▶ **Your goal**
Output each entry verbatim. Leave the images out.

▶ **Extracted entries**
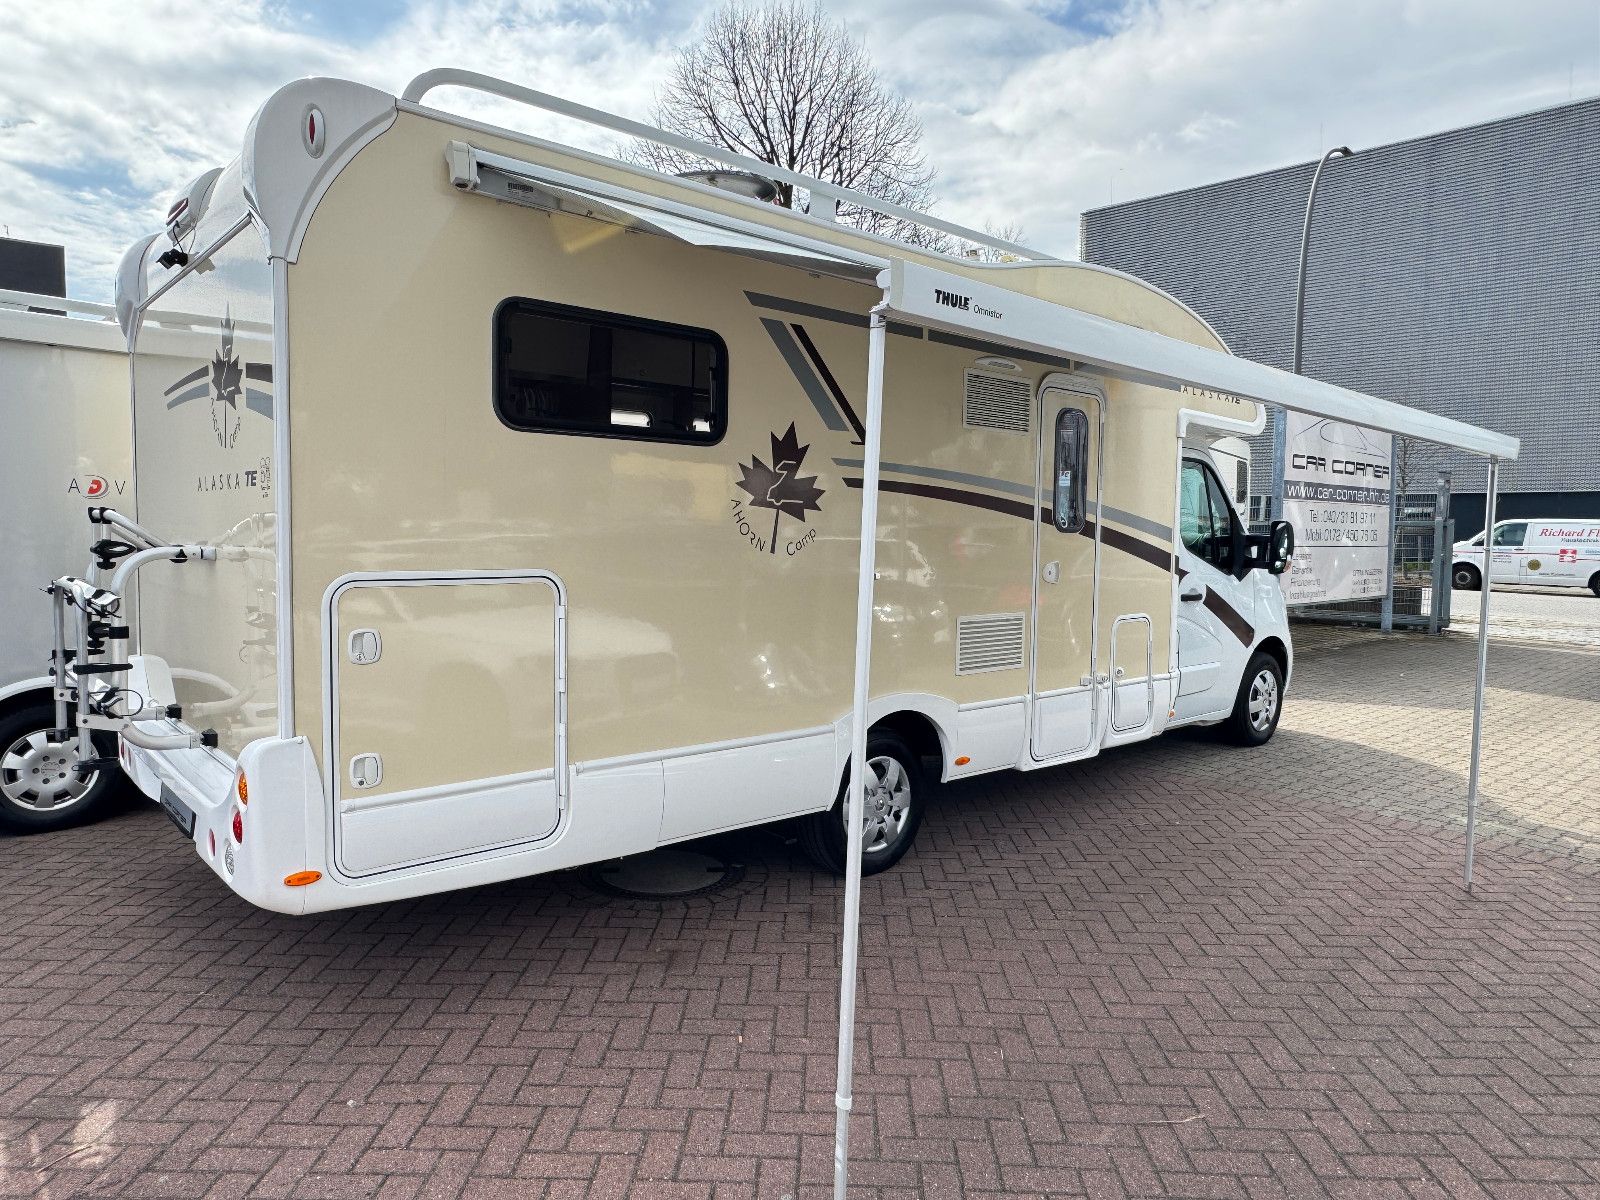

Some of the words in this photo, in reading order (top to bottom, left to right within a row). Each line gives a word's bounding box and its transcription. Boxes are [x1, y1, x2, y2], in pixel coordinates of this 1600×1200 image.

[934, 288, 970, 311] THULE
[973, 304, 1003, 320] Omnistor
[1292, 453, 1327, 473] CAR
[1331, 459, 1390, 480] CORNER
[197, 472, 241, 492] ALASKA
[244, 470, 258, 487] TE
[730, 499, 766, 552] AHORN
[786, 528, 817, 556] Camp
[1539, 528, 1585, 537] Richard

▶ **Task output**
Some of the words in this photo, in reading order (top to bottom, left to right within a row). Each line gives a word's bounding box and its transcription. Boxes are [x1, y1, x2, y2], in pixel coordinates of this 1600×1200 image.

[934, 288, 970, 311] THULE
[973, 304, 1003, 320] Omnistor
[1292, 453, 1327, 473] CAR
[1331, 459, 1390, 480] CORNER
[197, 472, 241, 492] ALASKA
[244, 470, 258, 487] TE
[730, 499, 766, 552] AHORN
[786, 528, 817, 556] Camp
[1539, 528, 1585, 537] Richard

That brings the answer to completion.